Objective:To assess whether the presence of concomitant diseases at multiple sclerosis (MS) diagnosis is associated with the choice and the treatment persistence in an Italian MS cohort.Methods:We included newly diagnosed patients (2010–2016) followed in 20 MS centers and collected demographic and clinical data. We evaluated baseline factors related to the presence of comorbidities and the association between comorbidities and the clinical course of MS and the time to the first treatment switch.Results:The study cohort included 2,076 patients. Data on comorbidities were available for 1,877/2,076 patients (90.4%). A total of 449/1,877 (23.9%) patients had at least 1 comorbidity at MS diagnosis.
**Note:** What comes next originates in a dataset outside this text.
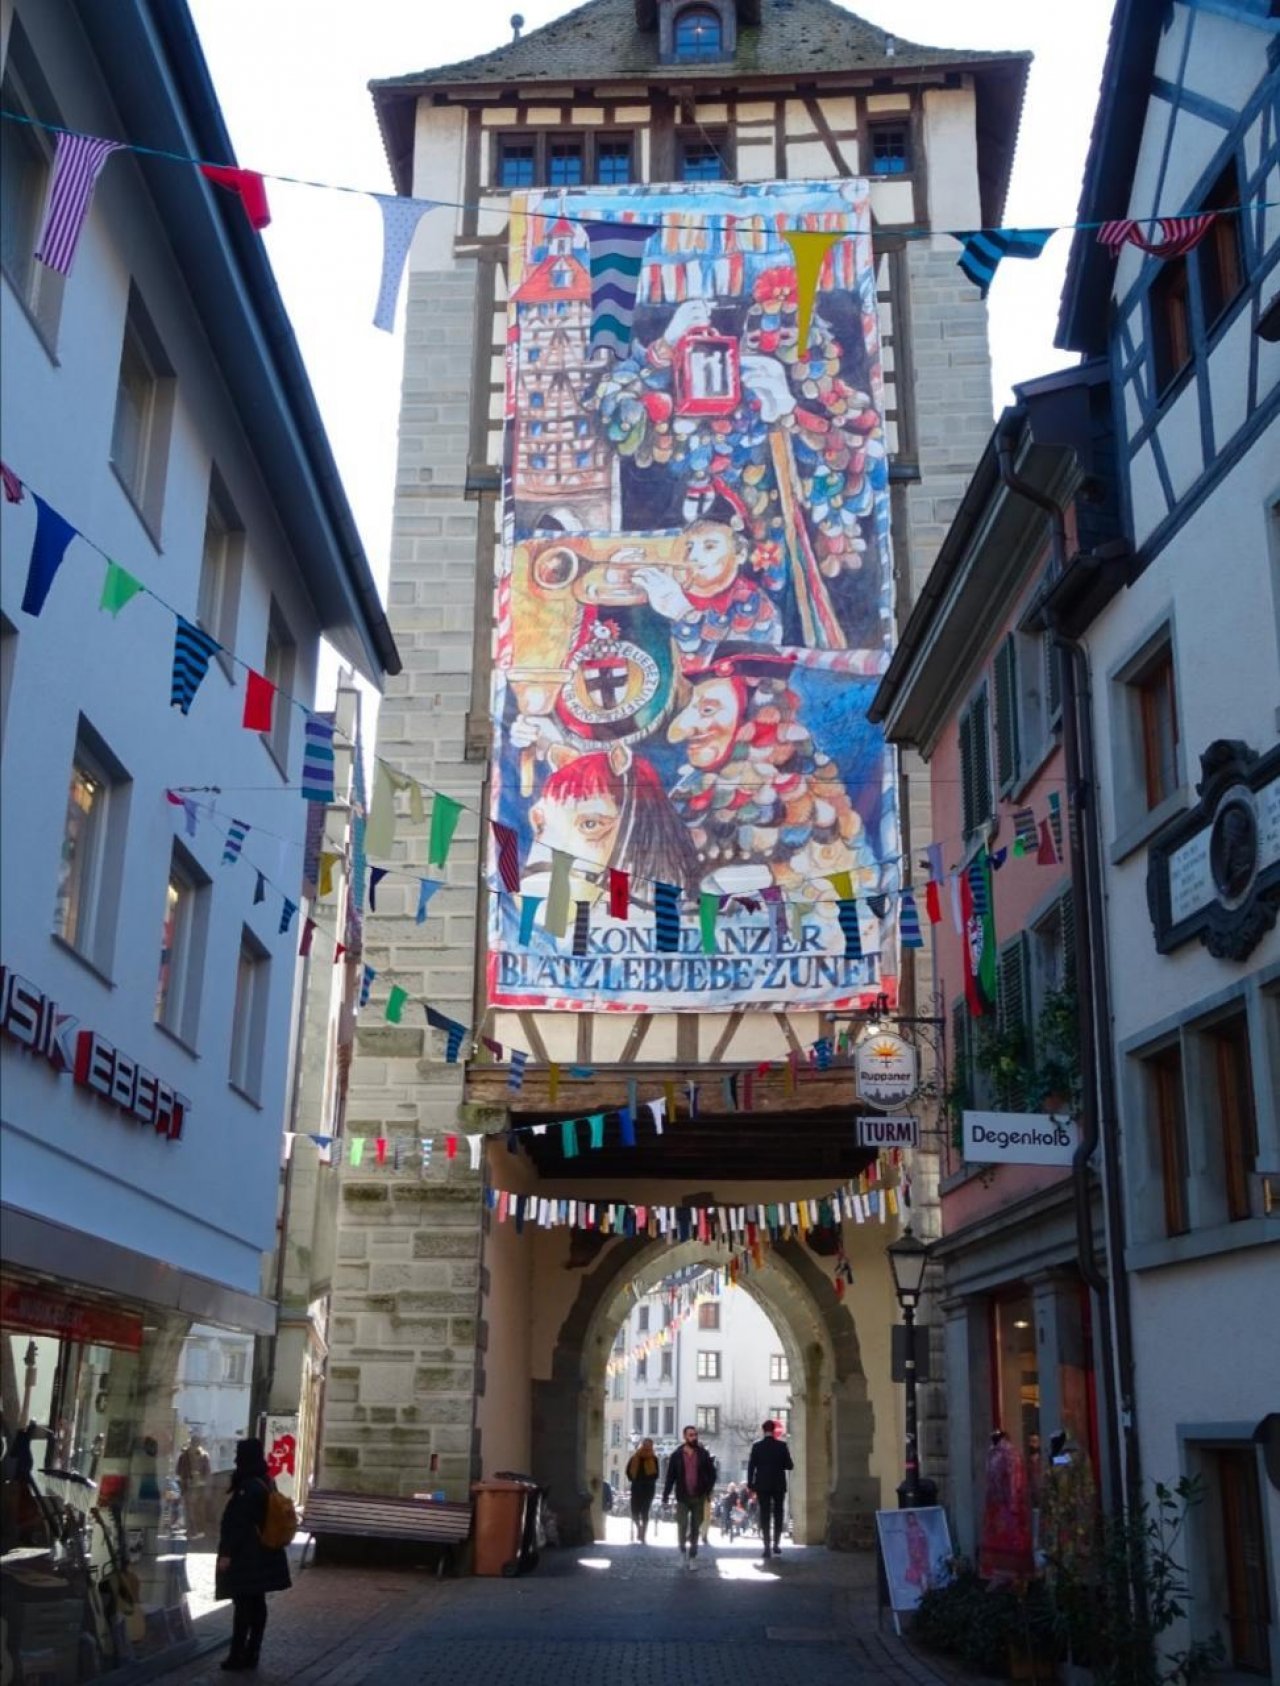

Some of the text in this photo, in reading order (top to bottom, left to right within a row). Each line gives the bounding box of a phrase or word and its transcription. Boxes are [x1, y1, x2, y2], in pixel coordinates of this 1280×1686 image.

Age at diagnosis (odds ratio 1.05, 95% confidence interval [CI] 1.04–1.06; p < 0.001) was the only baseline factor independently related to the presence of comorbidities. Comorbidities were not significantly associated with the choice of the first disease-modifying treatment, but were significantly associated with higher risk to switch from the first treatment due to intolerance (hazard ratio 1.42, CI 1.07–1.87; p = 0.014). Association of comorbidities with risk of switching for intolerance was significantly heterogeneous among treatments (interferon β, glatiramer acetate, natalizumab, or fingolimod; interaction test, p = 0.04).Conclusions:Comorbidities at diagnosis should be taken into account at the first treatment choice because they are associated with lower persistence on treatment.